Tattered and shredded to pieces, that’s how Marsia says she recently discovered her children’s toys and clothing.

“It’s just a nightmare,” Marisa said.

Marisa says it was an invasion, an invasion of mice. They moved too fast for her to get pictures, but they left droppings and destruction behind.

It started in March as she and her two children hunkered down in their Peabody apartment at the start of the pandemic.

“I felt so creeped out and disgusted,” Marisa said. Marisa says she immediately called apartment management.

They said they’d send an exterminator.

So, she sealed all her food in plastic bins, super sanitized her closet, and waited more than a week for the building’s exterminator to get in.

He told her mice were coming in through holes in her apartment–and that building maintenance needed to fix them.

But when she called for help, she says there was a pandemic postponement.

“They said due to the Coronavirus, they were taking emergency calls only. And this was not considered an emergency,” Marisa said.

Not an emergency? It was to Marisa.

Marisa says she asked for nearly two months, but she says still no one came to fill all the holes.
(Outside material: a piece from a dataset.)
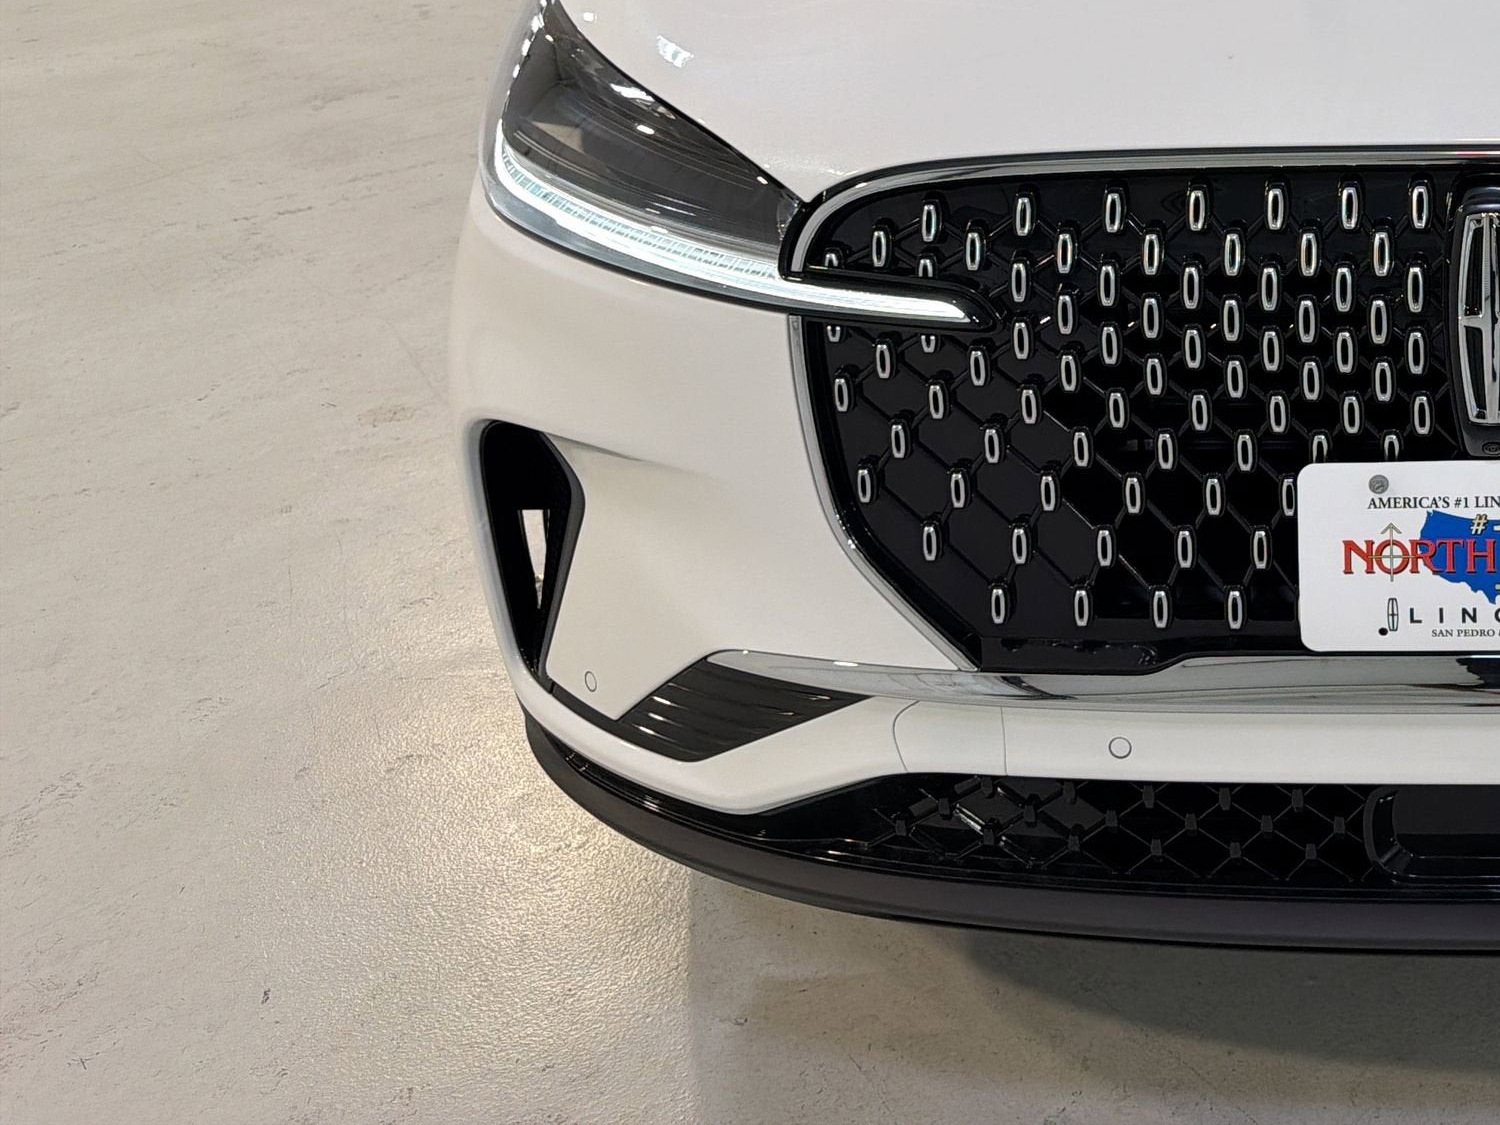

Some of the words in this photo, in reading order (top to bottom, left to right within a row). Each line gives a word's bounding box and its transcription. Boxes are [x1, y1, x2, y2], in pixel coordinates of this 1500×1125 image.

“So not only have I been stuck in my house because of the quarantine, but I’ve also been stuck in my house, scared to death that there’s mice everywhere,” Marisa said.

She couldn’t afford to move.  So desperate, she complained to the Peabody Health Department.

They told Marisa to make sure her place was clean but due to COVID, things worked a bit differently.

Instead of sending inspectors to the apartment right away, they sent emails to apartment management.

In mid-May, after Marisa’s months of mice, we contacted the apartment management, but no one responded.

Then we arranged to talk to Marisa by Zoom and during the call, a maintenance worker wearing a mask showed up to seal the places mice could get in.

The Peabody Health Department told us it would have sent an inspector if the management hadn’t reacted to Marisa’s mouse problem.

And Marisa is hoping from now on her family’s unwelcome visitors will stay away.

“Thank you so much for your help, I really appreciate it,” Marisa said.

If you’re concerned about safety issues in your apartment and management won’t help, experts say it’s still important to contact your local health department. How it handles inspections during the pandemic will depend on its resources.